## Problem to solve
What should come back is the data below, word for word, minus any picture.

————

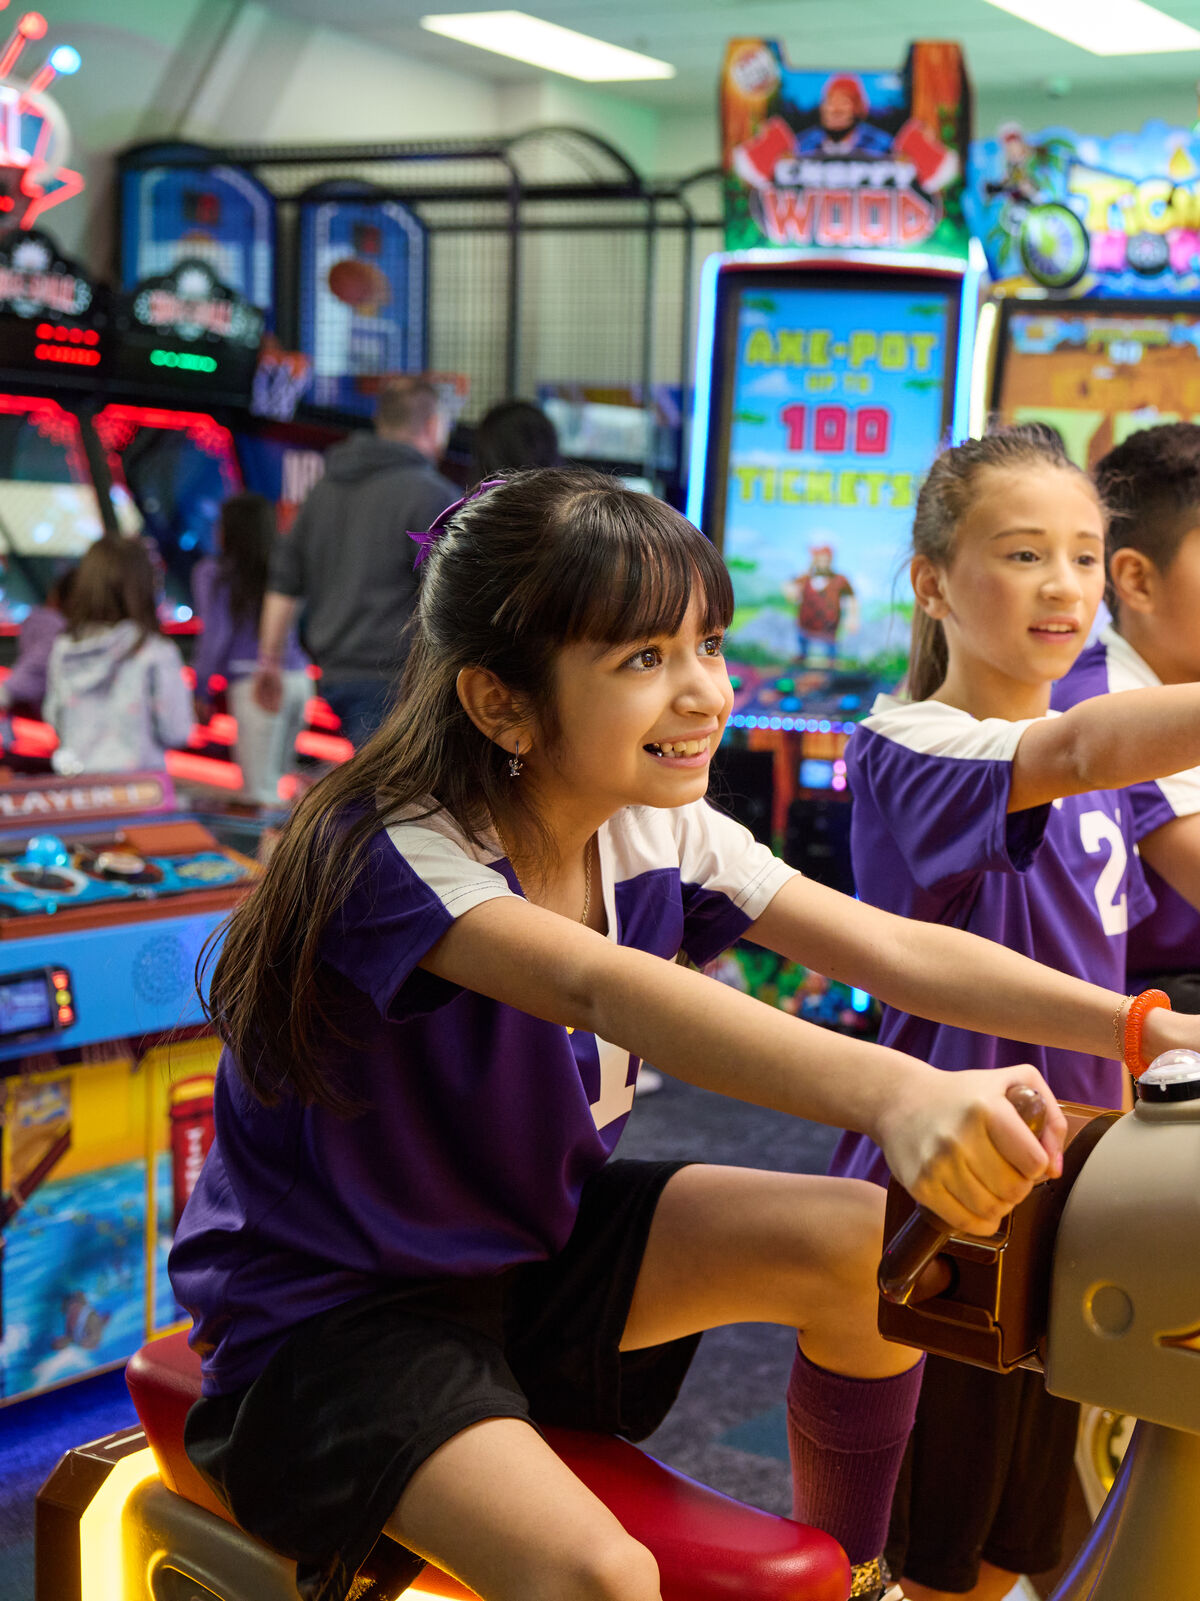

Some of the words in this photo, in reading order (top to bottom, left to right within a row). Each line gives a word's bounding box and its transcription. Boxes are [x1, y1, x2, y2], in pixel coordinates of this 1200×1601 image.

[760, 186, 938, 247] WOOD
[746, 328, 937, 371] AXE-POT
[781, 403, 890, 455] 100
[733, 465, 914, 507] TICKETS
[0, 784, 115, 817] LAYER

————

## Result for this task
Some of the words in this photo, in reading order (top to bottom, left to right within a row). Each line gives a word's bounding box and its transcription. Boxes are [x1, y1, x2, y2], in pixel coordinates of this 1200×1601 image.

[760, 186, 938, 247] WOOD
[746, 328, 937, 371] AXE-POT
[781, 403, 890, 455] 100
[733, 465, 914, 507] TICKETS
[0, 784, 115, 817] LAYER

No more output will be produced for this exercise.